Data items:
■ ■ ■

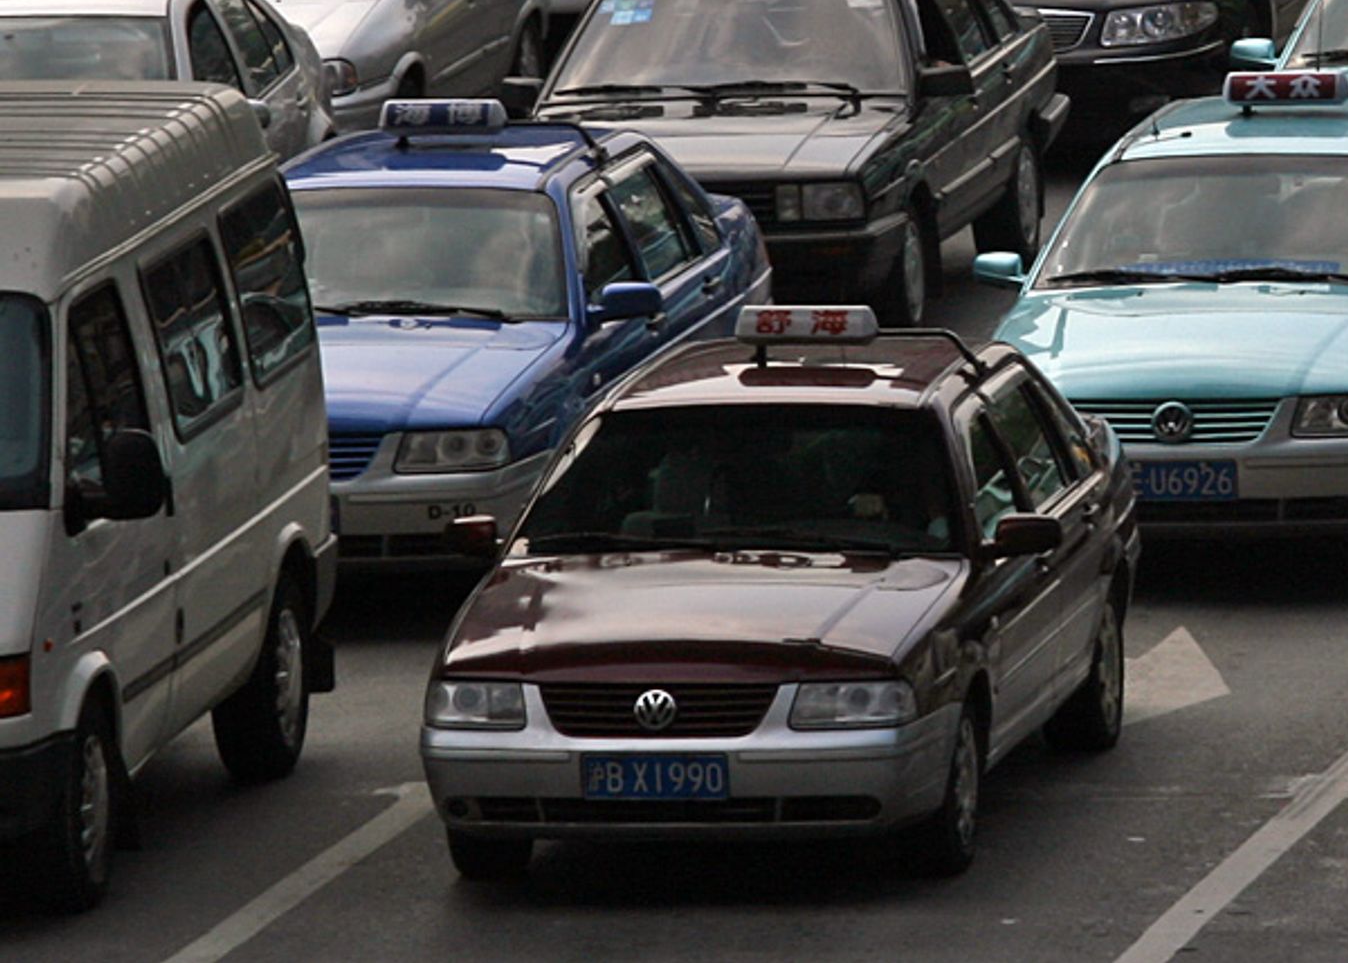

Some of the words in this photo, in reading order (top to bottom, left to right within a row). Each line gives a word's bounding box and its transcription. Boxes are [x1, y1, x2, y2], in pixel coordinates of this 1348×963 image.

[1245, 74, 1321, 99] 大众
[394, 103, 482, 125] 海博
[756, 309, 849, 335] 舒海
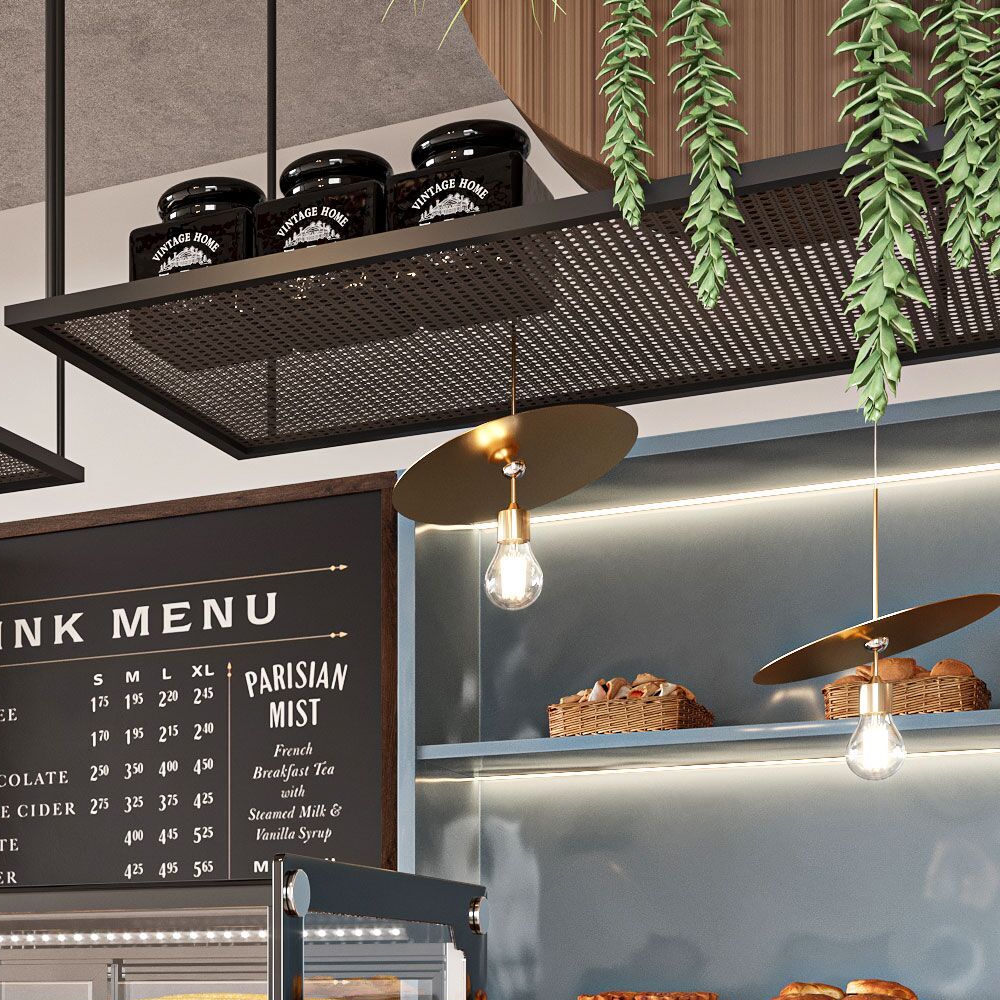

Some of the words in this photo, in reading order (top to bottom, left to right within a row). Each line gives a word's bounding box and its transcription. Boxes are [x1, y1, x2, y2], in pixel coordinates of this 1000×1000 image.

[411, 178, 456, 210] VINTAGE
[458, 178, 489, 200] HOME
[276, 206, 318, 237] VINTAGE
[320, 206, 349, 227] HOME
[151, 232, 191, 262] VINTAGE
[192, 231, 220, 252] HOME
[111, 592, 278, 639] MENU
[93, 673, 104, 686] S
[125, 670, 140, 683] M
[162, 667, 172, 680] L
[191, 664, 215, 678] XL
[244, 660, 348, 698] PARISIAN
[269, 697, 321, 729] MIST
[273, 741, 313, 759] French
[252, 763, 310, 782] Breakfast
[313, 760, 335, 776] Tea
[280, 784, 305, 798] with
[17, 802, 76, 818] CIDER
[247, 805, 296, 821] Steamed
[298, 804, 327, 818] Milk
[329, 803, 343, 817] &
[255, 827, 296, 841] Vanilla
[298, 826, 333, 844] Syrup
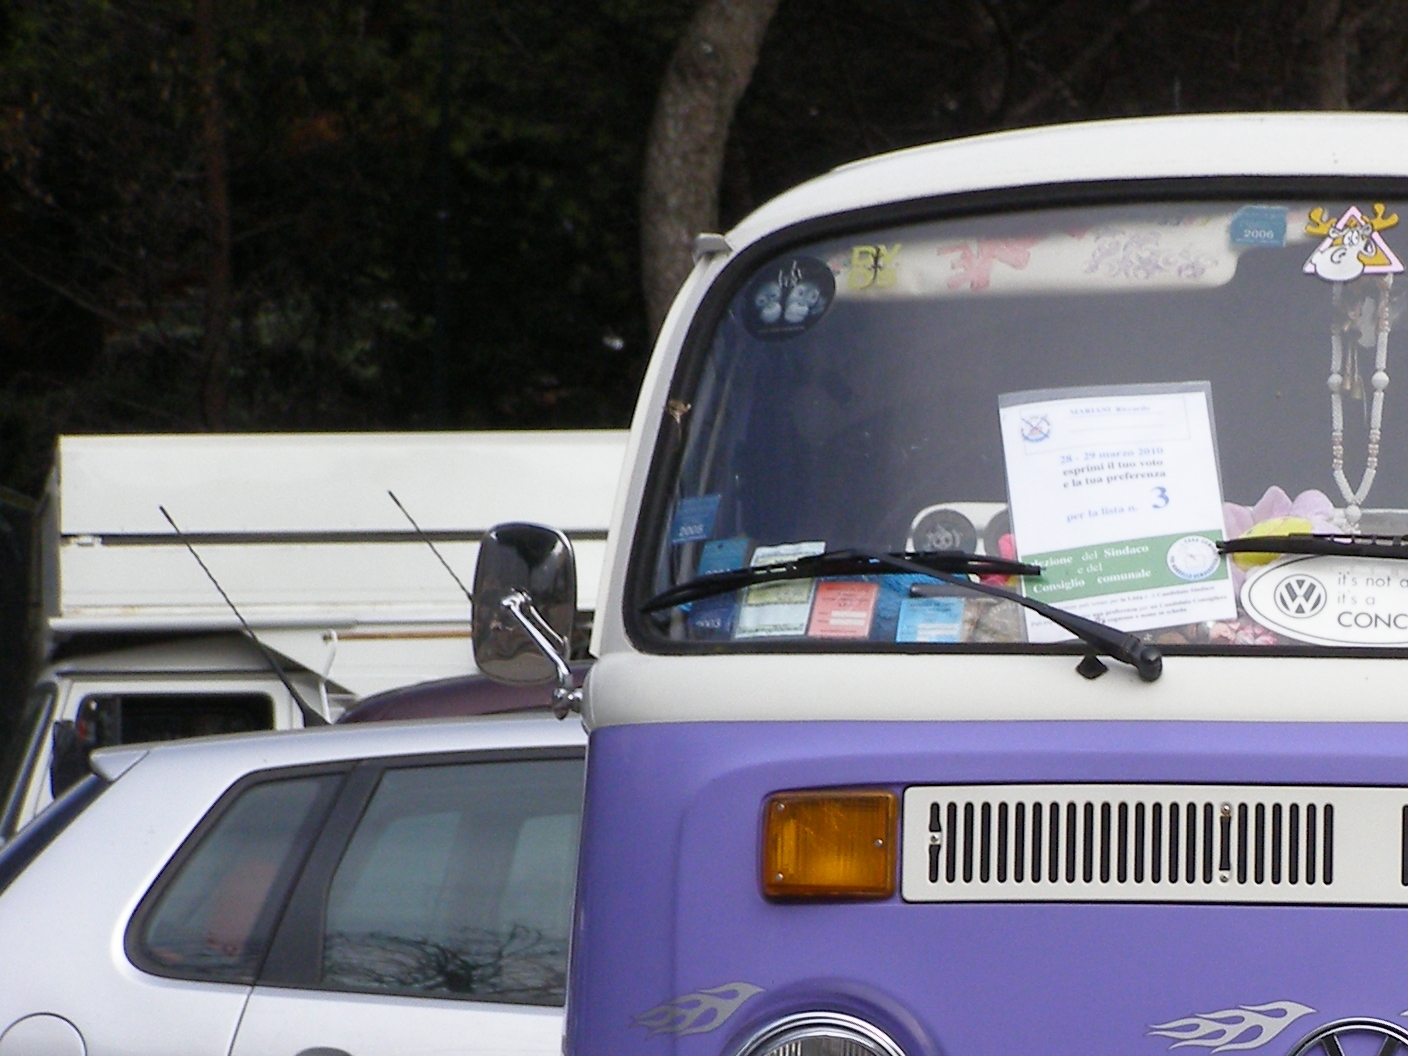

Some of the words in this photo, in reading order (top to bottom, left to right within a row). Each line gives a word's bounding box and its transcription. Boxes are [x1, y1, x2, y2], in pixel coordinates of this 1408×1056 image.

■ ■ ■

Try it: Within the entries above, the lines from the one with "this 1000×1000 image." through the final line are to be printed exactly, with the pictures removed.

Result below:
Some of the words in this photo, in reading order (top to bottom, left to right within a row). Each line gives a word's bounding box and its transcription. Boxes are [x1, y1, x2, y2], in pixel coordinates of this 1000×1000 image.

[411, 178, 456, 210] VINTAGE
[458, 178, 489, 200] HOME
[276, 206, 318, 237] VINTAGE
[320, 206, 349, 227] HOME
[151, 232, 191, 262] VINTAGE
[192, 231, 220, 252] HOME
[111, 592, 278, 639] MENU
[93, 673, 104, 686] S
[125, 670, 140, 683] M
[162, 667, 172, 680] L
[191, 664, 215, 678] XL
[244, 660, 348, 698] PARISIAN
[269, 697, 321, 729] MIST
[273, 741, 313, 759] French
[252, 763, 310, 782] Breakfast
[313, 760, 335, 776] Tea
[280, 784, 305, 798] with
[17, 802, 76, 818] CIDER
[247, 805, 296, 821] Steamed
[298, 804, 327, 818] Milk
[329, 803, 343, 817] &
[255, 827, 296, 841] Vanilla
[298, 826, 333, 844] Syrup

Some of the words in this photo, in reading order (top to bottom, left to right within a row). Each line gives a word's bounding box and its transcription. Boxes are [x1, y1, x2, y2], in pixel coordinates of this 1408×1056 image.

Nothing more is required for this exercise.